Data extract START

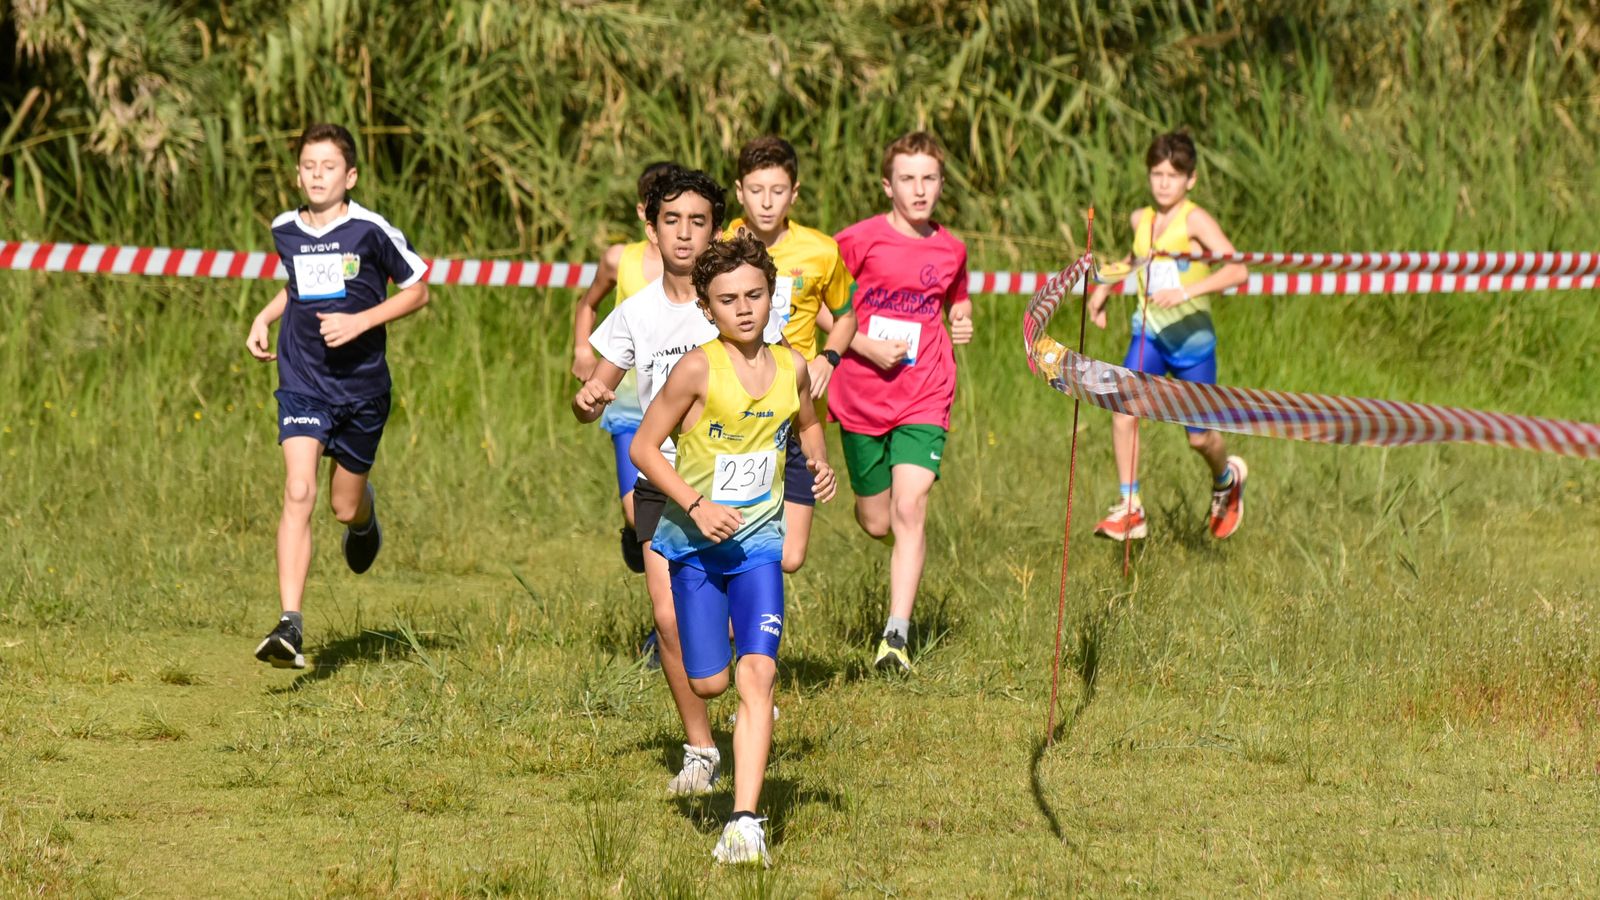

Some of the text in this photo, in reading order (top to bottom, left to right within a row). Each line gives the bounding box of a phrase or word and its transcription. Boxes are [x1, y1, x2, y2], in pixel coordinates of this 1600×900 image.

[300, 242, 340, 253] GIVOVA
[304, 262, 339, 289] 386
[864, 287, 936, 305] ATLETISMO
[283, 415, 321, 427] GIVOVA
[720, 456, 768, 491] 231
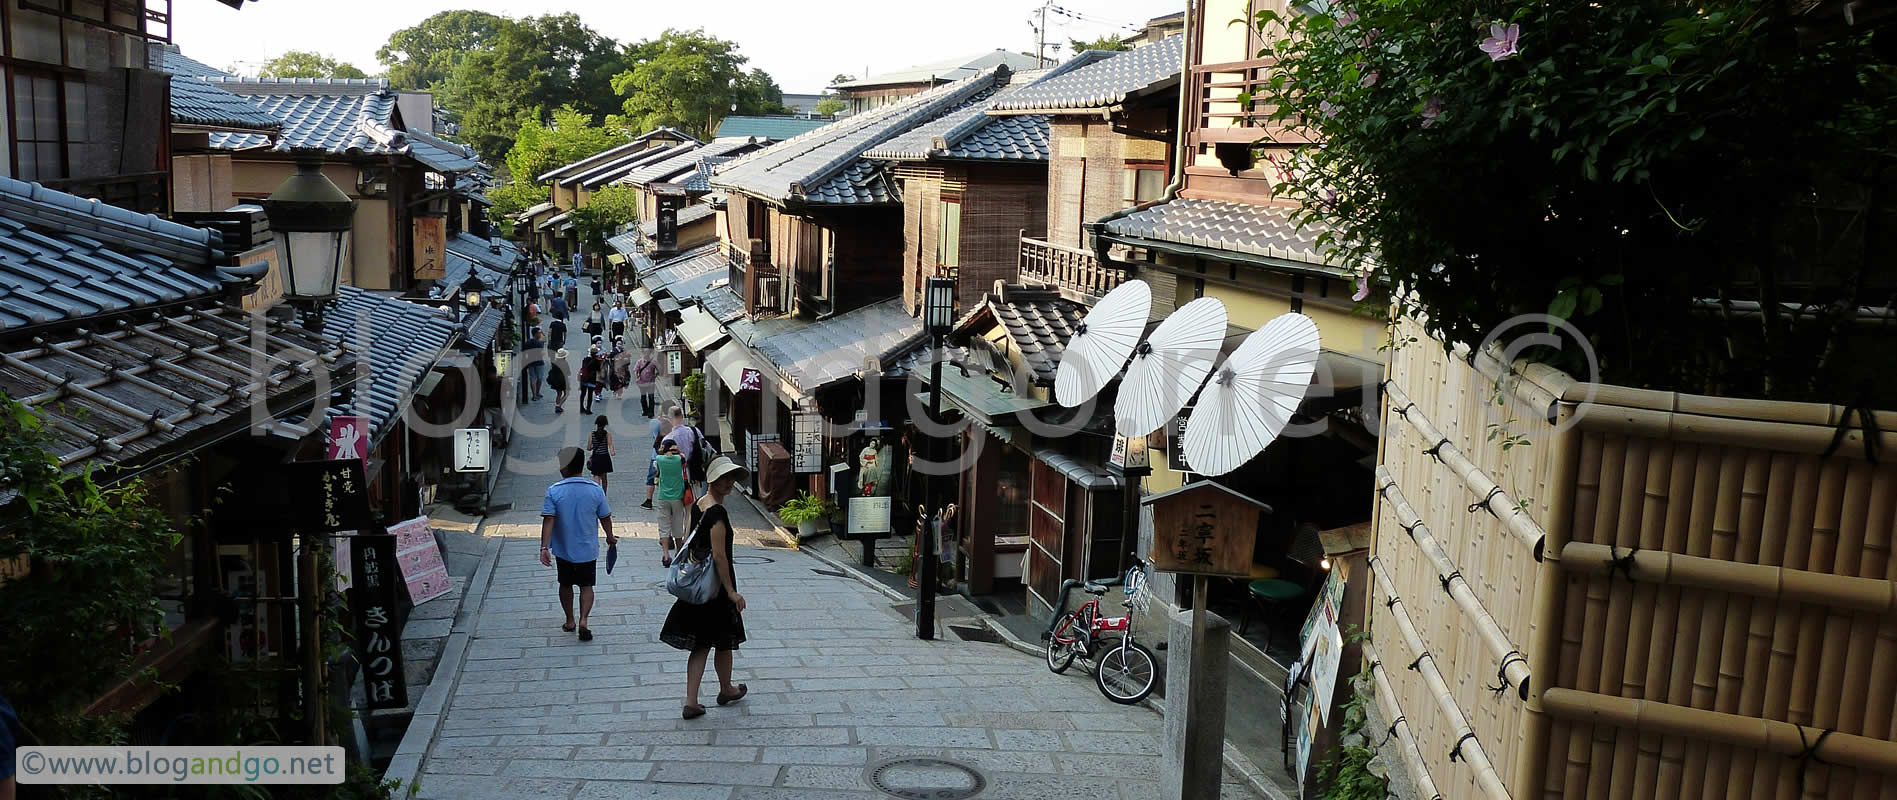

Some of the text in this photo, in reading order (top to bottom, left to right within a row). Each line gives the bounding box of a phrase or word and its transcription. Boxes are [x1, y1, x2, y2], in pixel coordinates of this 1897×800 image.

[335, 423, 360, 460] 氷
[365, 606, 396, 702] きんつば
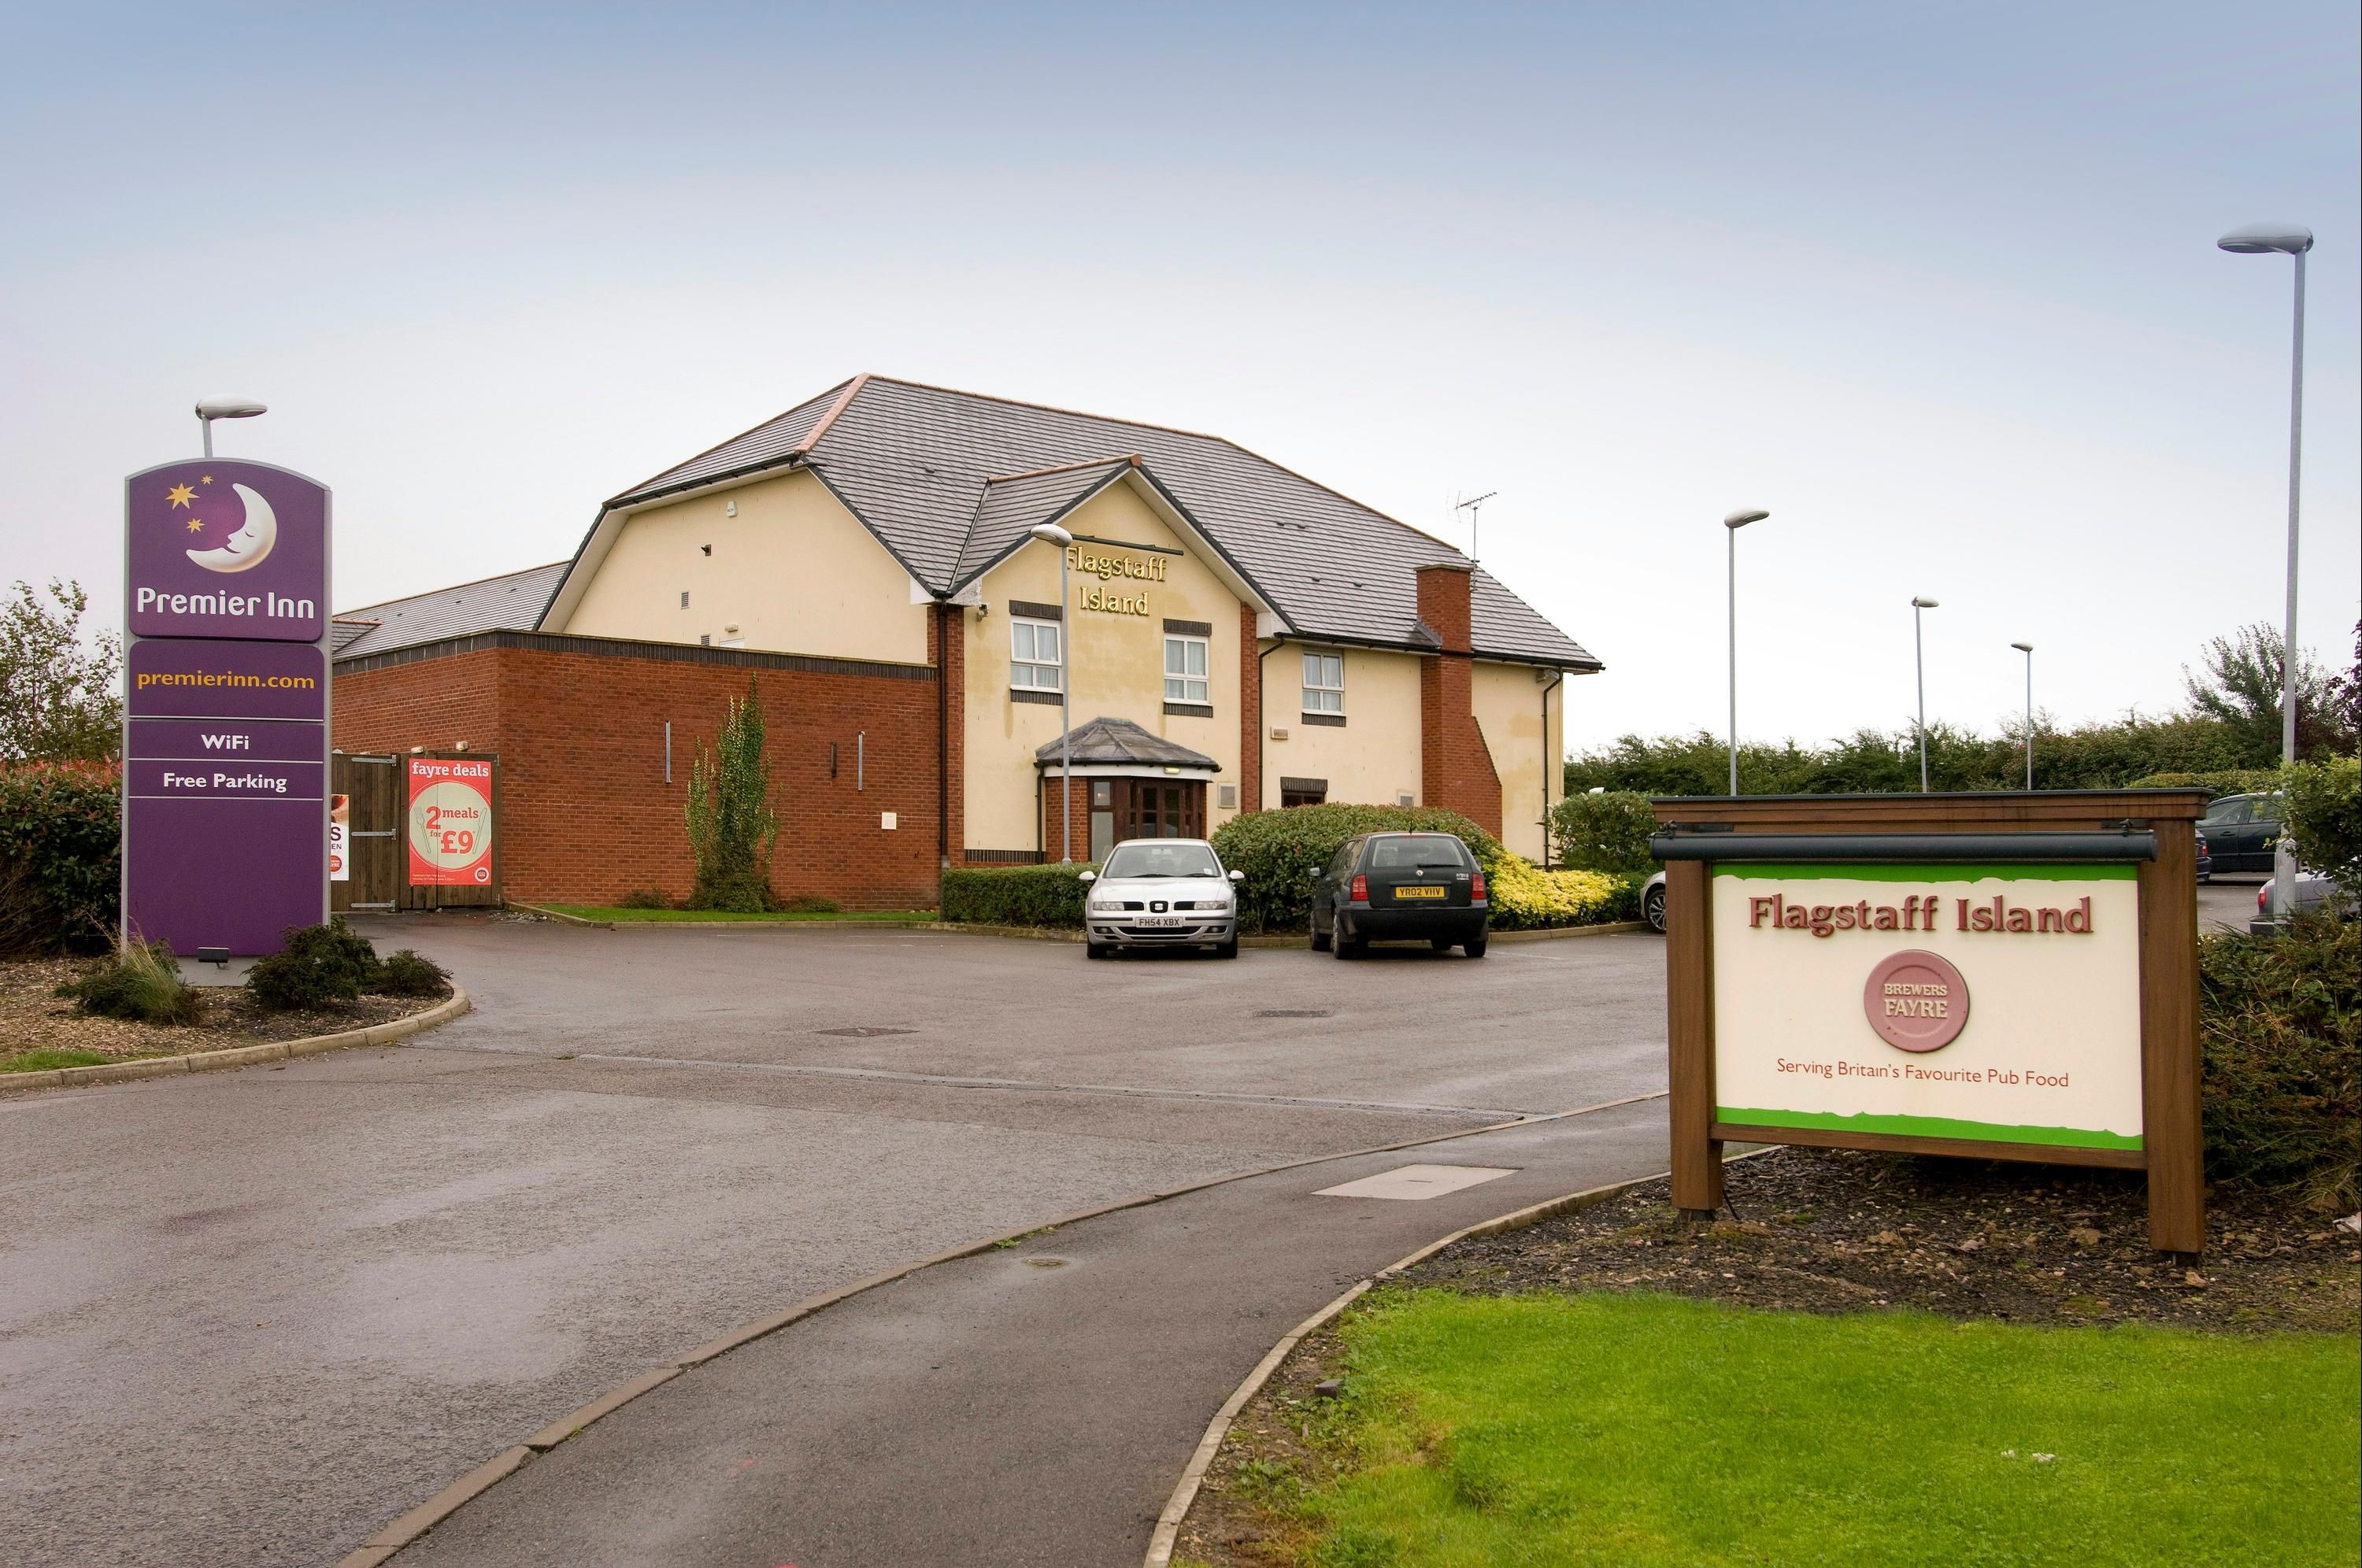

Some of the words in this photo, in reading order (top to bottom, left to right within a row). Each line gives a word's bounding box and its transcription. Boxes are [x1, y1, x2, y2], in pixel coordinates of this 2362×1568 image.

Data extract END

● Problem to work on: Leave out the pictures and retype every line above exactly.

● Solution to this task:
Some of the text in this photo, in reading order (top to bottom, left to right within a row). Each line gives the bounding box of a phrase or word and its transcription. Boxes are [x1, y1, x2, y2], in pixel coordinates of this 1600×900 image.

[300, 242, 340, 253] GIVOVA
[304, 262, 339, 289] 386
[864, 287, 936, 305] ATLETISMO
[283, 415, 321, 427] GIVOVA
[720, 456, 768, 491] 231

Some of the text in this photo, in reading order (top to bottom, left to right within a row). Each line gives the bounding box of a phrase or word and its transcription. Boxes are [x1, y1, x2, y2], in pixel coordinates of this 1897×800 image.

[335, 423, 360, 460] 氷
[365, 606, 396, 702] きんつば

Some of the words in this photo, in reading order (top to bottom, left to right within a row). Each line gives a word's bounding box and its transcription. Boxes are [x1, y1, x2, y2], in pixel coordinates of this 2362×1568 image.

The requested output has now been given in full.